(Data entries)

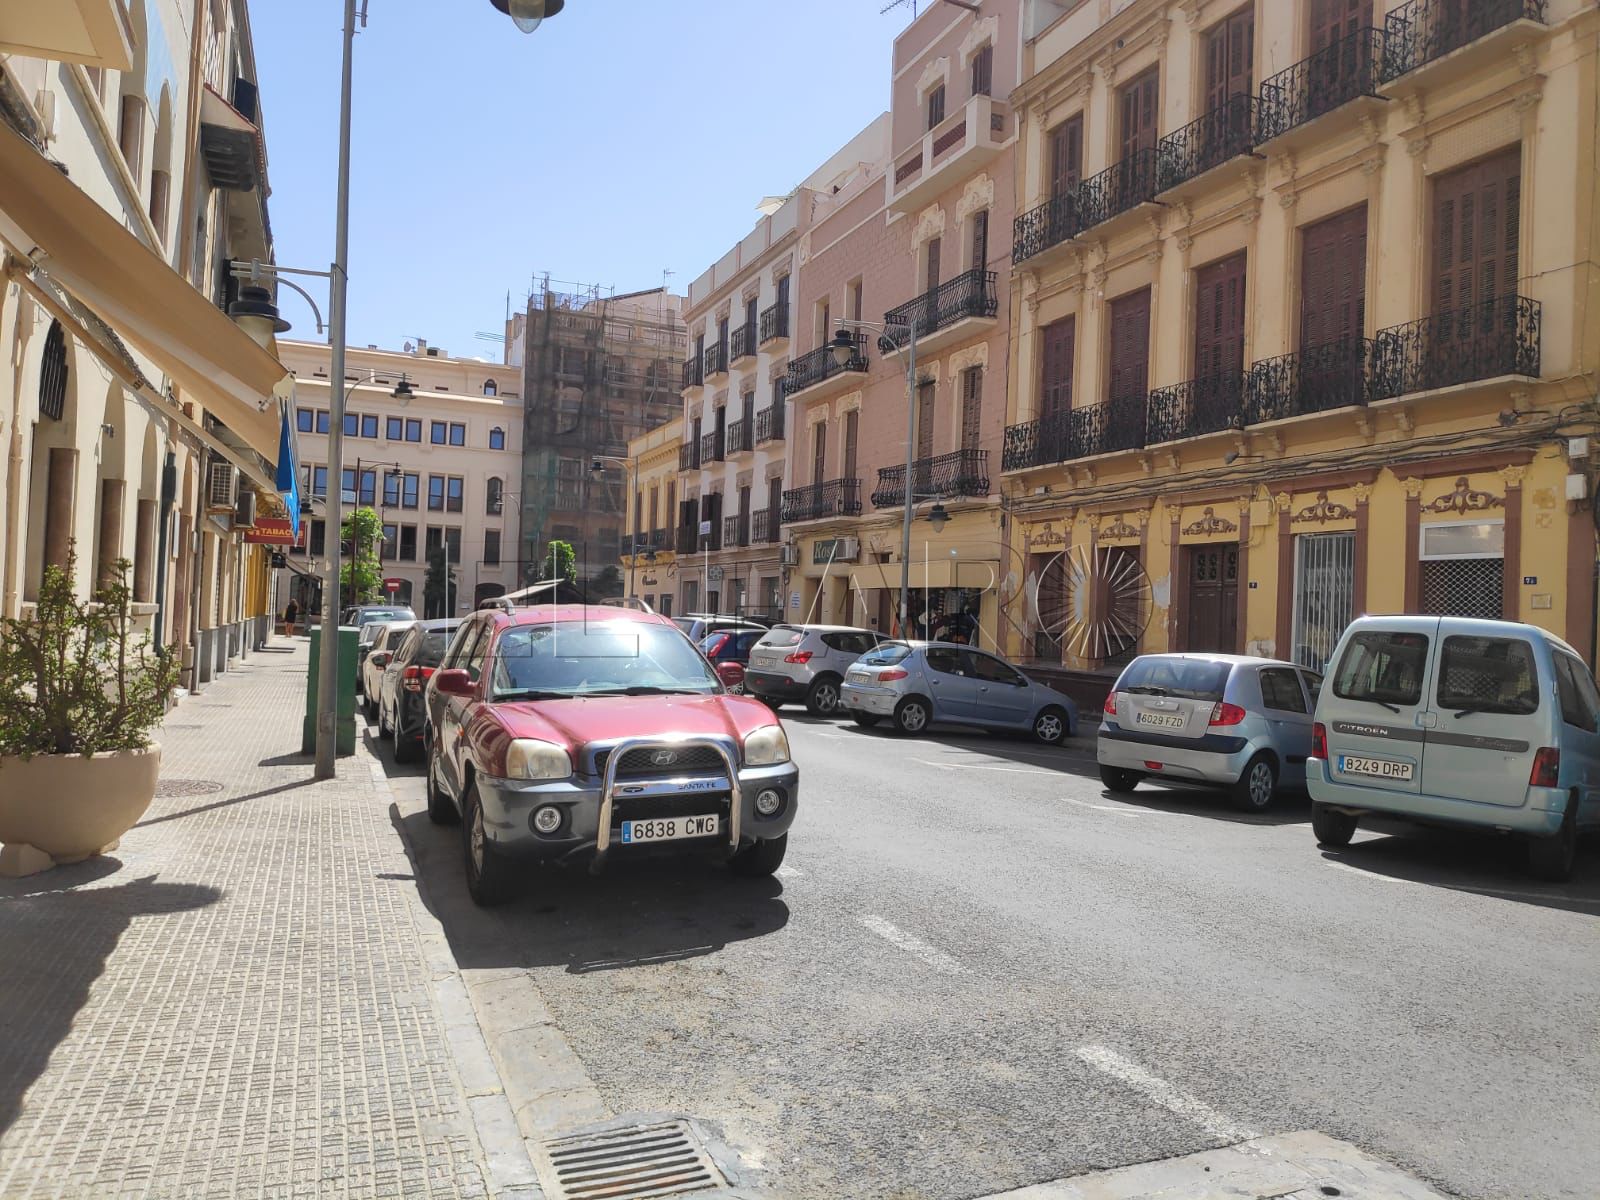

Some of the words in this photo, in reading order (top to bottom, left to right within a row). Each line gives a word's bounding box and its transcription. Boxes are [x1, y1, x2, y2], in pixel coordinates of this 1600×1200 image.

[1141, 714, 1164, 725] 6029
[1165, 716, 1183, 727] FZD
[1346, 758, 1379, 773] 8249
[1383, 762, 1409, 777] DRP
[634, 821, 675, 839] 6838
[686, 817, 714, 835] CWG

(How to complete this task): A faithful, complete copy of the records above is required, one that contains no pictures.

(Task solution):
Some of the words in this photo, in reading order (top to bottom, left to right within a row). Each line gives a word's bounding box and its transcription. Boxes are [x1, y1, x2, y2], in pixel coordinates of this 1600×1200 image.

[1141, 714, 1164, 725] 6029
[1165, 716, 1183, 727] FZD
[1346, 758, 1379, 773] 8249
[1383, 762, 1409, 777] DRP
[634, 821, 675, 839] 6838
[686, 817, 714, 835] CWG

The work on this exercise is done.